Treinador argentino foi anunciado oficialmente no final de 2019 e fica no Colorado até o final de 2021; filosofia de jogo ofensivo, marcação alta e inspiração em Marcelo Bielsa são algumas das características dos times de “Cacho” Coudet

Luiz Ferreira
Produtor executivo da equipe de esportes da Rádio Nacional do Rio de Janeiro, jornalista e radialista formado pela ECO/UFRJ, operador de áudio, sonoplasta e grande amante de esportes, Rock and Roll e um belo papo de boteco.

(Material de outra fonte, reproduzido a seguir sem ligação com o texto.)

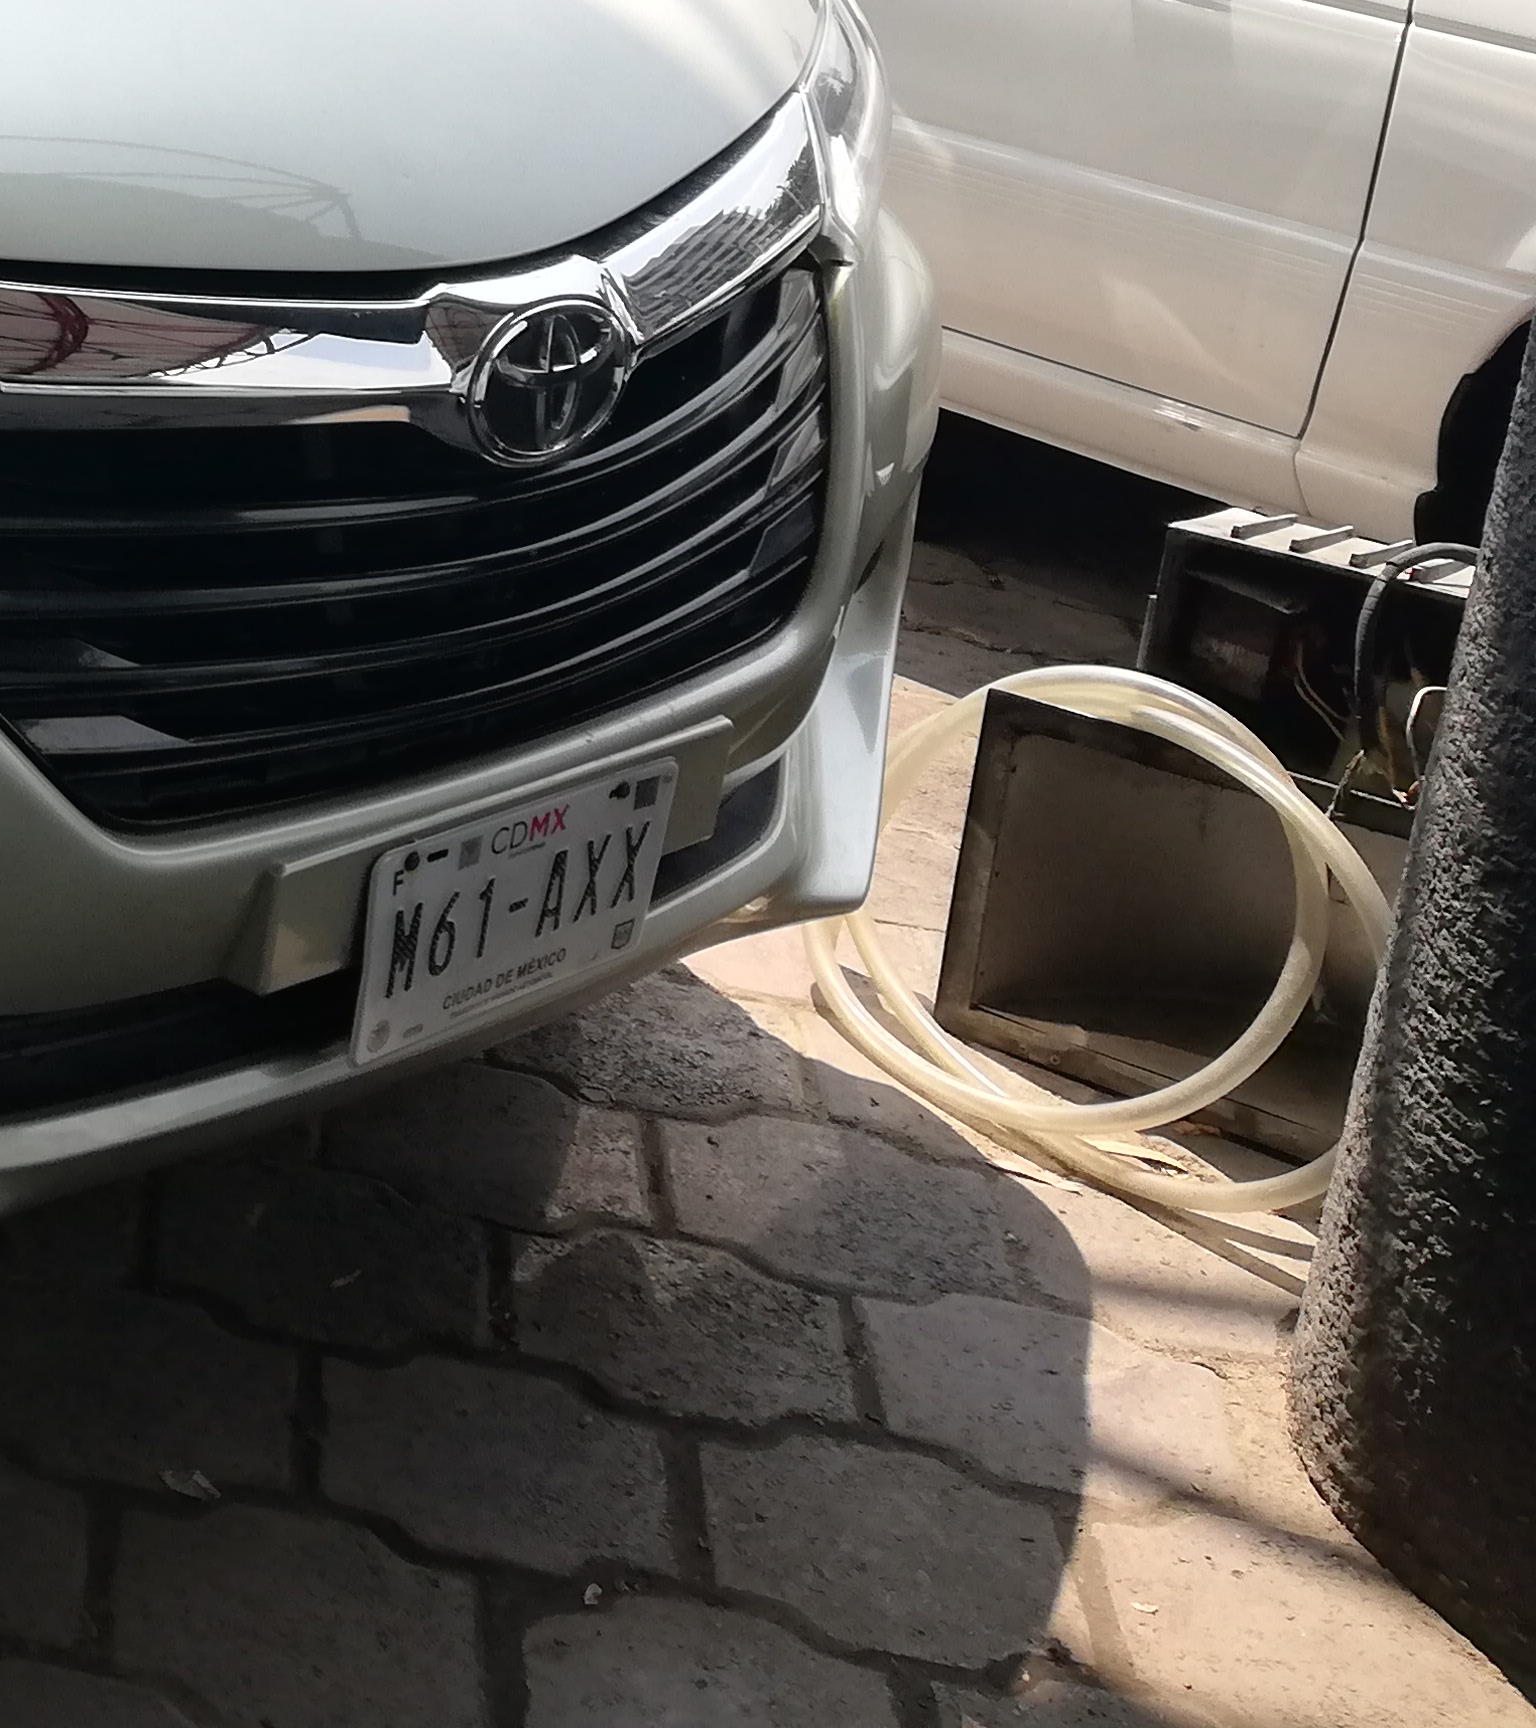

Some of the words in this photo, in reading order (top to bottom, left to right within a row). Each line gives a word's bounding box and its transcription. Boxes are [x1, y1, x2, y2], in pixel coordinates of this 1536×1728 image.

Crédito: Mariana Capra / SC Internacional

Mais um nome da nova (e promissora) geração de treinadores argentinos, Eduardo Coudet será o técnico do Internacional pelos próximos dois anos. E se o time colorado se acostumou com o estilo mais pragmático de Odair Hellmann, é bom que se diga que as coisas serão bastante diferentes daqui pra frente. “Cacho” Coudet é mais um dos discípulos de Marcelo “El Loco” Bielsa, treinador que, embora não tenha conquistado títulos expressivos na sua carreira, deixou uma série de discípulos declarados como Pep Guardiola e Mauricio Pochettino e que adotava um estilo extremamente ofensivo nas equipes que treinou. Assim como seu mentor, Eduardo Coudet segue a mesma linha. Seu trabalho em equipes como o Rosario Central e o Racing mostravam a predileção pela posse de bola e um grande volume de jogo com muita intensidade nas transições. A fibra de “Cacho” Coudet pode ser exatamente o que o Internacional precisava para voltar a ser protagonista no Brasil e (quem sabe?) na América do Sul.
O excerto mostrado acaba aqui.